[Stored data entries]
□ □ □ □ □ □ □

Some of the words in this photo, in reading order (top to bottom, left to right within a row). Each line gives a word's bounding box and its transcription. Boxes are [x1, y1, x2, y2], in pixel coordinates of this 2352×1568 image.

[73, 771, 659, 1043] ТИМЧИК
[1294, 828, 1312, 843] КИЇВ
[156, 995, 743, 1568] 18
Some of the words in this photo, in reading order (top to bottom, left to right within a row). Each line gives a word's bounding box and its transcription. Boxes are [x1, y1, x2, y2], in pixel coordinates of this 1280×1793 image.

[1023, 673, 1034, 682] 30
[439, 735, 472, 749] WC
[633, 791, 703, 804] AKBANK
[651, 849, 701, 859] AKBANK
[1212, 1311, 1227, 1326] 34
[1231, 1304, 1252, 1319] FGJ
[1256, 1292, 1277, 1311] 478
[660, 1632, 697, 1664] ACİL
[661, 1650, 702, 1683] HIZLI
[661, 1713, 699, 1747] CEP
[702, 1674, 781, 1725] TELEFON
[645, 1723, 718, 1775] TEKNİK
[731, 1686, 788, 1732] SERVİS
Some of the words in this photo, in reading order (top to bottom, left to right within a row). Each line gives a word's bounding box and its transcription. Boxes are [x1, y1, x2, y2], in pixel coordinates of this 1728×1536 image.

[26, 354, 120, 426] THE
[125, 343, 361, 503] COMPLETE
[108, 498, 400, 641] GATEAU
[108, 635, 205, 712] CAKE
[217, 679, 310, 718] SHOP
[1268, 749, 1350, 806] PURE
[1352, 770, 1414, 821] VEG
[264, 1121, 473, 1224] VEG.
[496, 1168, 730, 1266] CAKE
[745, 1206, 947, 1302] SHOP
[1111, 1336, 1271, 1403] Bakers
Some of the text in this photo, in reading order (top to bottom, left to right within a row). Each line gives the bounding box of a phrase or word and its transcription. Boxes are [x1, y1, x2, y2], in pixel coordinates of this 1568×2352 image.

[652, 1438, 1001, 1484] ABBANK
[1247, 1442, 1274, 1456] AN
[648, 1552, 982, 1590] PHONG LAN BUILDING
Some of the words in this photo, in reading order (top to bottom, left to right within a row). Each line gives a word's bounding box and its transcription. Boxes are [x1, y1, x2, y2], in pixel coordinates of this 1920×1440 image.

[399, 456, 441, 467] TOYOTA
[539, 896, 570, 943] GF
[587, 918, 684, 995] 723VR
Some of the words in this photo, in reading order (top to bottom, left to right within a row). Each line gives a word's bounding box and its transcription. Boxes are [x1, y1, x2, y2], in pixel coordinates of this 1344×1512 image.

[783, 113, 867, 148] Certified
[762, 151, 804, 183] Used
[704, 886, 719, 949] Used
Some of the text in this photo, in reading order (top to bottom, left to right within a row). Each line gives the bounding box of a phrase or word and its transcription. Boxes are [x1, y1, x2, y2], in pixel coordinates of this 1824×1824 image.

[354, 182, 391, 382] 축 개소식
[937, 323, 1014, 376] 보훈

□ □ □ □ □ □ □

* **Work instruction**
Write out the entries verbatim, all of them.

* **Output**
Some of the words in this photo, in reading order (top to bottom, left to right within a row). Each line gives a word's bounding box and its transcription. Boxes are [x1, y1, x2, y2], in pixel coordinates of this 2352×1568 image.

[73, 771, 659, 1043] ТИМЧИК
[1294, 828, 1312, 843] КИЇВ
[156, 995, 743, 1568] 18
Some of the words in this photo, in reading order (top to bottom, left to right within a row). Each line gives a word's bounding box and its transcription. Boxes are [x1, y1, x2, y2], in pixel coordinates of this 1280×1793 image.

[1023, 673, 1034, 682] 30
[439, 735, 472, 749] WC
[633, 791, 703, 804] AKBANK
[651, 849, 701, 859] AKBANK
[1212, 1311, 1227, 1326] 34
[1231, 1304, 1252, 1319] FGJ
[1256, 1292, 1277, 1311] 478
[660, 1632, 697, 1664] ACİL
[661, 1650, 702, 1683] HIZLI
[661, 1713, 699, 1747] CEP
[702, 1674, 781, 1725] TELEFON
[645, 1723, 718, 1775] TEKNİK
[731, 1686, 788, 1732] SERVİS
Some of the words in this photo, in reading order (top to bottom, left to right within a row). Each line gives a word's bounding box and its transcription. Boxes are [x1, y1, x2, y2], in pixel coordinates of this 1728×1536 image.

[26, 354, 120, 426] THE
[125, 343, 361, 503] COMPLETE
[108, 498, 400, 641] GATEAU
[108, 635, 205, 712] CAKE
[217, 679, 310, 718] SHOP
[1268, 749, 1350, 806] PURE
[1352, 770, 1414, 821] VEG
[264, 1121, 473, 1224] VEG.
[496, 1168, 730, 1266] CAKE
[745, 1206, 947, 1302] SHOP
[1111, 1336, 1271, 1403] Bakers
Some of the text in this photo, in reading order (top to bottom, left to right within a row). Each line gives the bounding box of a phrase or word and its transcription. Boxes are [x1, y1, x2, y2], in pixel coordinates of this 1568×2352 image.

[652, 1438, 1001, 1484] ABBANK
[1247, 1442, 1274, 1456] AN
[648, 1552, 982, 1590] PHONG LAN BUILDING
Some of the words in this photo, in reading order (top to bottom, left to right within a row). Each line gives a word's bounding box and its transcription. Boxes are [x1, y1, x2, y2], in pixel coordinates of this 1920×1440 image.

[399, 456, 441, 467] TOYOTA
[539, 896, 570, 943] GF
[587, 918, 684, 995] 723VR
Some of the words in this photo, in reading order (top to bottom, left to right within a row). Each line gives a word's bounding box and its transcription. Boxes are [x1, y1, x2, y2], in pixel coordinates of this 1344×1512 image.

[783, 113, 867, 148] Certified
[762, 151, 804, 183] Used
[704, 886, 719, 949] Used
Some of the text in this photo, in reading order (top to bottom, left to right within a row). Each line gives the bounding box of a phrase or word and its transcription. Boxes are [x1, y1, x2, y2], in pixel coordinates of this 1824×1824 image.

[354, 182, 391, 382] 축 개소식
[937, 323, 1014, 376] 보훈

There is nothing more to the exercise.